Downstream Water Level Forecasting Using LSTM Model for Flood Warning in Pak Phanang District, Nakhon Si Thammarat Province
Keywords:
Water level forecasting, LSTM model, Flood early warning, Uthokvibhajaprasid WatergateAbstract
This study aims to develop a deep learning model based on Long Short-Term Memory (LSTM) networks to forecast downstream water levels for flood warning purposes in Pak Phanang District, Nakhon Si Thammarat Province, southern Thailand. The study area is located downstream of the Uthokvibhajaprasid Watergate, a key structure in the Pak Phanang Basin Development Project. During the monsoon season, water releases from the upstream catchment, combined with rising sea levels, often cause flooding in low-lying areas along both sides of the lower Pak Phanang River, which lies downstream of the gate and is vulnerable to recurring flood events.
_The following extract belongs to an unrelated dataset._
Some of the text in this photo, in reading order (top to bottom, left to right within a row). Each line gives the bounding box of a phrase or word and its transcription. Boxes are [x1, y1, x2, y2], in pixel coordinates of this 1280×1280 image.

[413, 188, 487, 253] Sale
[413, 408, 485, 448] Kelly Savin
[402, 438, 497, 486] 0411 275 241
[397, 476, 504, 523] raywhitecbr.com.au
The model was developed using input variables including upstream water level (Upper_WL), reservoir outflow (Outflow_MCM), daily rainfall (DailyRain_mm), and a one-day lag of the downstream water level (Lower_WLT1). The data were arranged as sequences with a look-back period of 30 days and trained using a three-layer LSTM network with dropout regularization and early stopping to prevent overfitting.
Model evaluation results showed high accuracy, with the coefficient of determination (R²) reaching 0.8368 for the training set and 0.7264 for the testing set. The root mean squared error (RMSE) was 0.1171 and 0.1331, respectively. The comparison between observed and predicted values demonstrated that the model effectively captured trends and fluctuations in water levels, especially during periods of rapid change.
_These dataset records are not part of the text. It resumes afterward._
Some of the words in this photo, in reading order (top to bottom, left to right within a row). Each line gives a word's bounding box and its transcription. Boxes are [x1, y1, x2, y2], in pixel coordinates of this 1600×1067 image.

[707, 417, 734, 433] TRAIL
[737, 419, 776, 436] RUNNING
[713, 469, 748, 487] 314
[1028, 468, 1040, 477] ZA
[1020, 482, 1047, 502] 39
This study highlights the potential of LSTM models to serve as a decision-support tool for real-time flood early warning systems in coastal lowland areas. Specifically, the model can support municipal-level flood preparedness in Pak Phanang Municipality, which is situated alongside the lower Pak Phanang River and lies directly downstream of the Uthokvibhajaprasid Watergate. The integration of this model together with 7-day water forecast data and real-time water monitoring system will help to enhance the 7-day advance warning capability can significantly enhance proactive flood management and reduce the impacts of flood disasters.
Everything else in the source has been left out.